No. Forget appearances, they are subconscious, theory-specific hypotheticals. Technically, they are means to an end, but a relatively minor one. I meant by my model, re: on the condition that Alice has knowledge, that given a series of mental activities, pursuant to a perception of sense, knowledge of what that perception entails, is given.

Whether or not the perception entails the conception of a particular object, depends exclusively on extant experience. After learning the identity of some particular object....

(Dad, what is this thing? Son, that’s what we call a fork. Oh. Ok)

.......every subsequent perception of a similar object will, all else being equal, be identified as that kind of object....

Before learning the identity of a particular kind of object, a perception will entail an unknown something in general, which is thereby left open to any non-contradictory judgement the perceiver’s naming method permits.

(What the hell is THAT?? Damned if I know...call it a ______ )

We understand this, because the very first instance of naming anything, is never conditioned by what the object is, but only as how we wish to know it.

(electrostatic discharges of black-body radiation are not fire arrows of the gods; the fundamental constituency of hadrons are not colored)

Til next time......
• 184
That's why, for instance, Daniel Dennett has to claim that humans are merely and purely objects ('moist robots' he says, semi-humorously); because if the human subject is real, then his project (which is based on positivism and behaviourism) is stymied.
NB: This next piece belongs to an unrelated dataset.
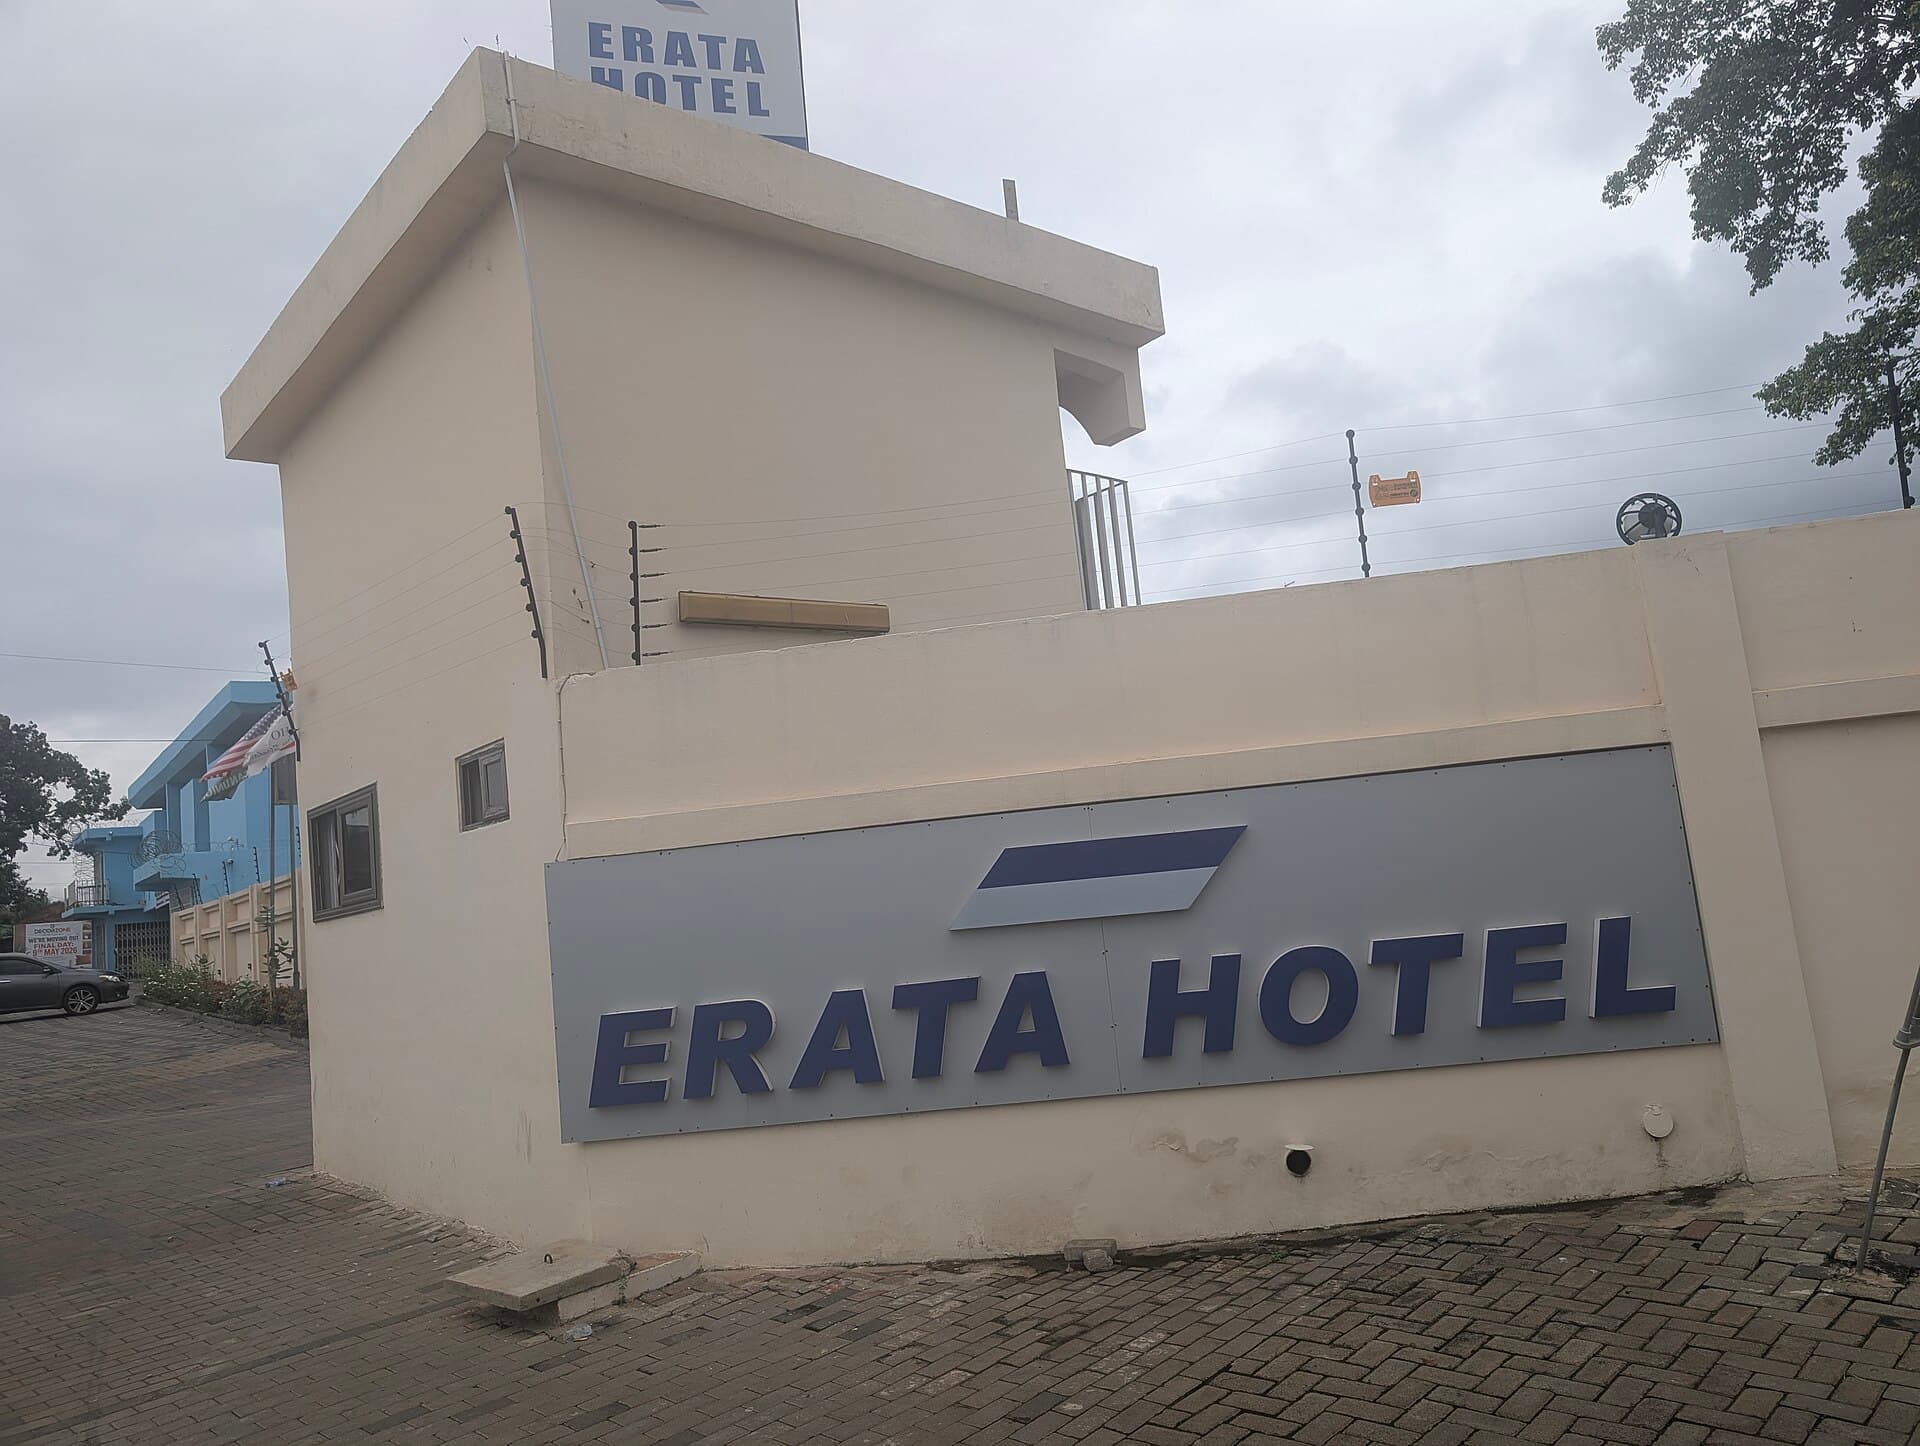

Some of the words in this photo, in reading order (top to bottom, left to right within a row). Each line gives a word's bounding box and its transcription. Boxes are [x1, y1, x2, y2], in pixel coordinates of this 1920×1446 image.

And why? Because the mind is real but not objective.

I'm not defending Dennett, since I don't think consciousness is an illusion.

But I don't think that one can say that the mind is not objective. This is the general idea of a 'publicly traded' concept. It functions socially. It's supposed to refer to lots of individual minds. Yet some would have these minds be so private that they are utterly incomparable.

I don't know the quale that you call 'red.' I only trust that we both know that the prototypical rose is red. Indeed, the moist robot metaphor is made possible in the first place by the notion of the radically private mind. While only a sociopath doubts that others have feelings 'behind' their behavior, the notion of the private mind creates an infinite chasm one mind and another. A sophisticated enough moist robot would presumably fool us into caring about it, perhaps electing it to lead us. On the other hand, how do we know that a coffee cup isn't conscious? If a lion coffee cup could speak, we wouldn't understand it. Language depends on social practice.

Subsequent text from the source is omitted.